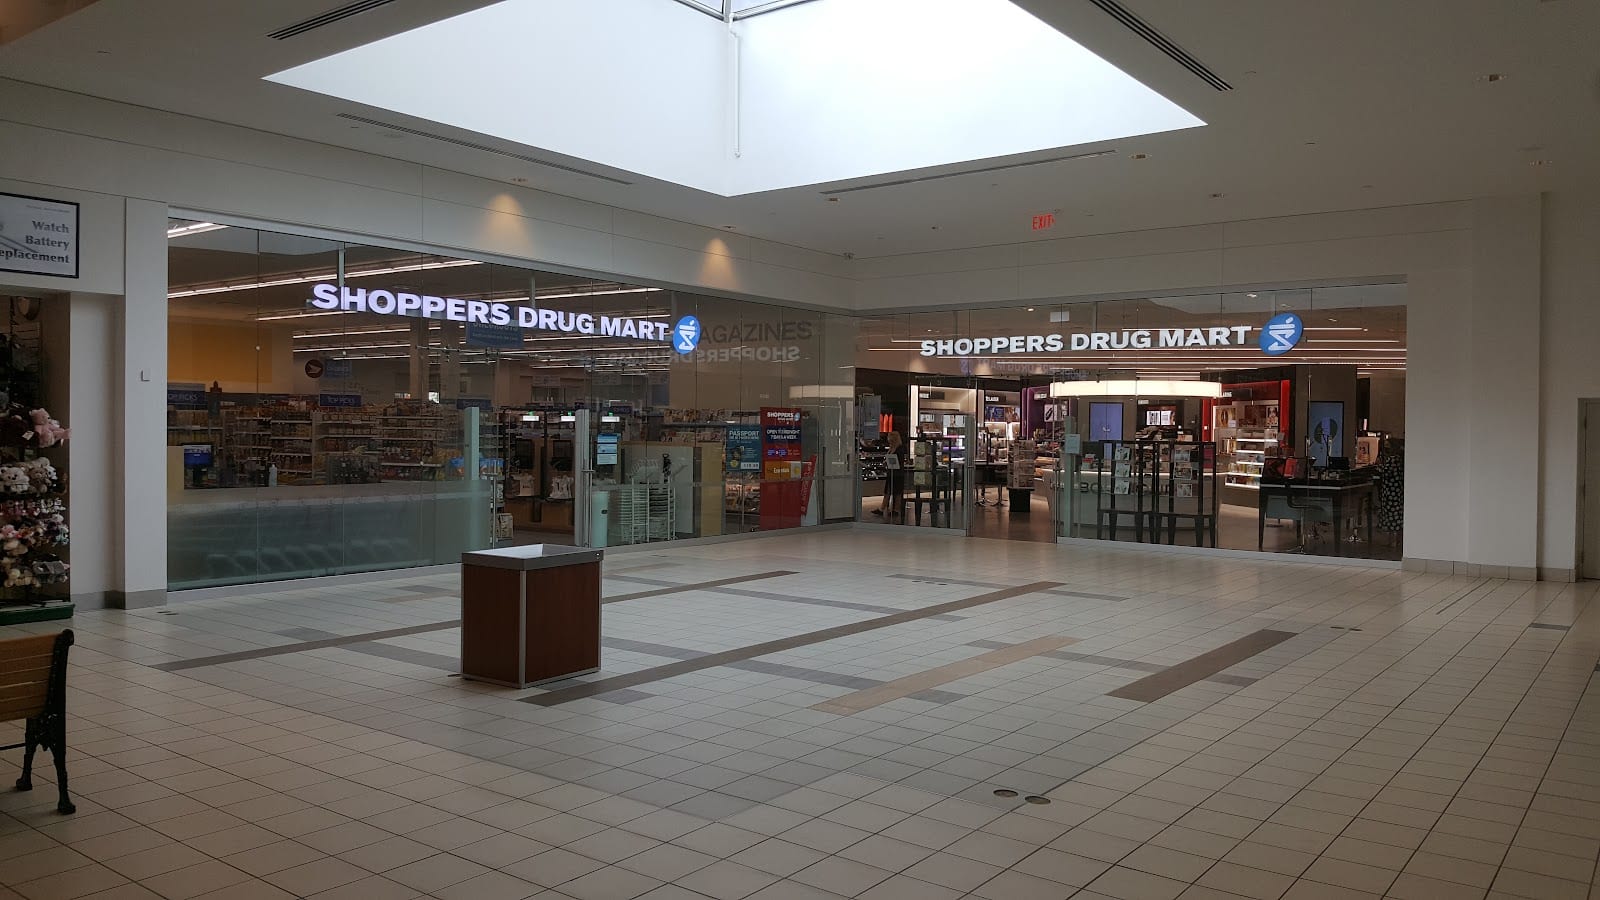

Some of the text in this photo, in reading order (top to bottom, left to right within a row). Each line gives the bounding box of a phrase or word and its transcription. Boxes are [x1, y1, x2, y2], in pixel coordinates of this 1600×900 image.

[32, 220, 70, 234] Watch
[1032, 214, 1053, 230] EXIT
[25, 235, 70, 251] Battery
[0, 249, 70, 263] eplacement
[311, 283, 670, 342] SHOPPERS DRUG MART
[701, 319, 812, 344] AGAZINES
[920, 326, 1253, 357] SHOPPERS DRUG MART
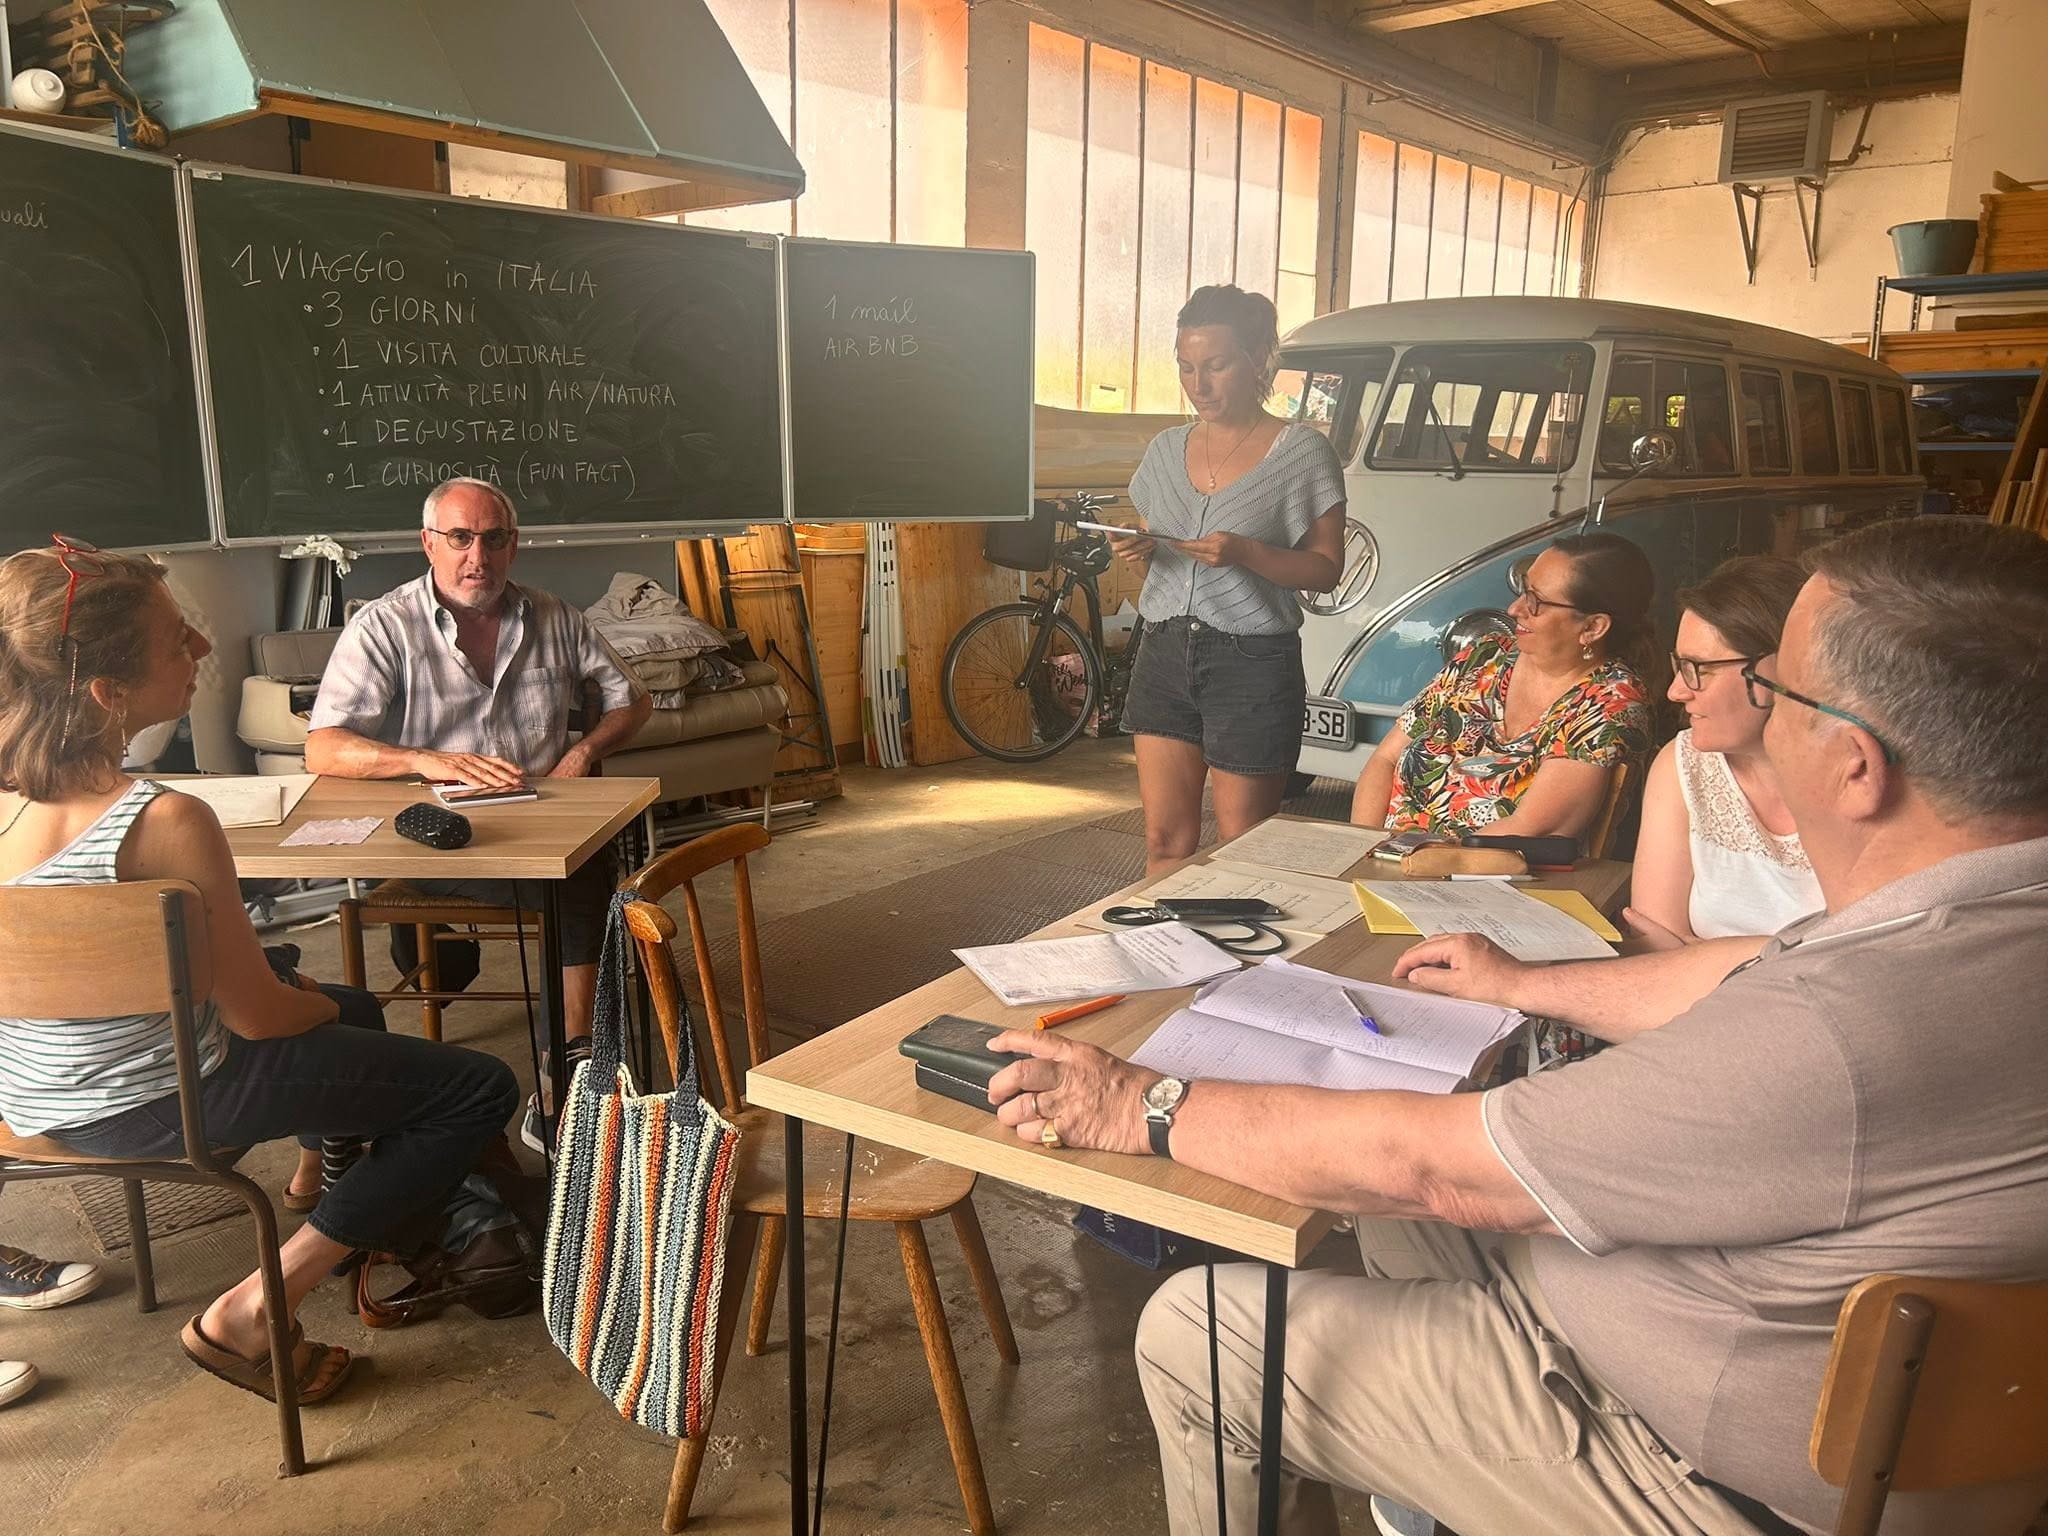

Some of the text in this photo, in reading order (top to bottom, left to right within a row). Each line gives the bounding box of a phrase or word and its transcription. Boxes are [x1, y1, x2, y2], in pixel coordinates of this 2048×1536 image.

[231, 244, 262, 287] 1
[446, 260, 468, 289] in
[498, 260, 597, 298] ITALIA
[321, 291, 344, 328] 3
[824, 294, 837, 320] 1
[333, 338, 586, 369] 1 VISITA CULTURALE
[332, 380, 351, 407] 1
[468, 382, 527, 407] PLEIN
[337, 419, 578, 448] 1 DEGUSTAZIONE
[344, 462, 365, 490] 1
[382, 455, 501, 487] CURIOSITÀ
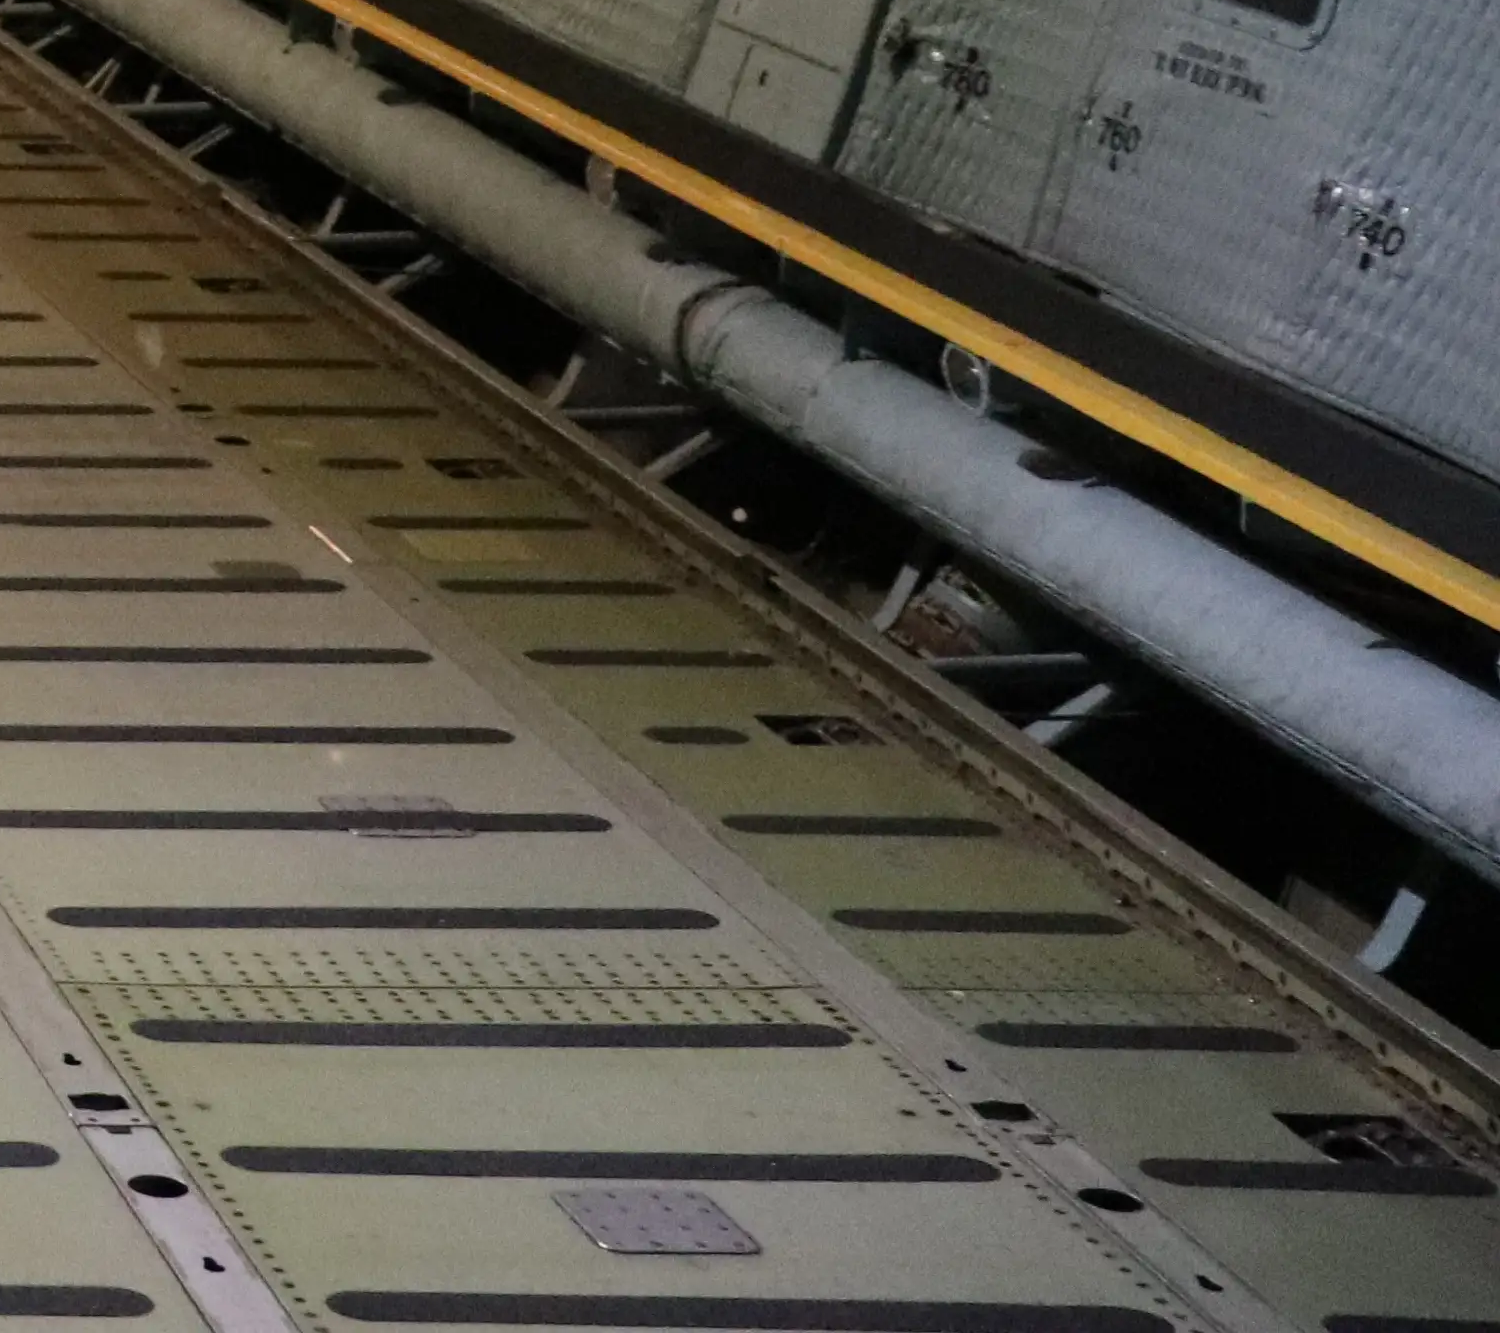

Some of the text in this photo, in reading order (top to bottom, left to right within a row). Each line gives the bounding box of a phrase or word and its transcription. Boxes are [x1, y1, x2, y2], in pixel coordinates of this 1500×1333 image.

[939, 61, 991, 100] 780
[1096, 114, 1142, 155] 760
[1347, 206, 1405, 257] 740

> **Task goal**
Take the listing and print it again exactly, but without any pictures.

> **Response to this exercise**
Some of the text in this photo, in reading order (top to bottom, left to right within a row). Each line gives the bounding box of a phrase or word and its transcription. Boxes are [x1, y1, x2, y2], in pixel coordinates of this 1600×900 image.

[32, 220, 70, 234] Watch
[1032, 214, 1053, 230] EXIT
[25, 235, 70, 251] Battery
[0, 249, 70, 263] eplacement
[311, 283, 670, 342] SHOPPERS DRUG MART
[701, 319, 812, 344] AGAZINES
[920, 326, 1253, 357] SHOPPERS DRUG MART

Some of the text in this photo, in reading order (top to bottom, left to right within a row). Each line gives the bounding box of a phrase or word and its transcription. Boxes are [x1, y1, x2, y2], in pixel coordinates of this 2048×1536 image.

[231, 244, 262, 287] 1
[446, 260, 468, 289] in
[498, 260, 597, 298] ITALIA
[321, 291, 344, 328] 3
[824, 294, 837, 320] 1
[333, 338, 586, 369] 1 VISITA CULTURALE
[332, 380, 351, 407] 1
[468, 382, 527, 407] PLEIN
[337, 419, 578, 448] 1 DEGUSTAZIONE
[344, 462, 365, 490] 1
[382, 455, 501, 487] CURIOSITÀ

Some of the text in this photo, in reading order (top to bottom, left to right within a row). Each line gives the bounding box of a phrase or word and its transcription. Boxes are [x1, y1, x2, y2], in pixel coordinates of this 1500×1333 image.

[939, 61, 991, 100] 780
[1096, 114, 1142, 155] 760
[1347, 206, 1405, 257] 740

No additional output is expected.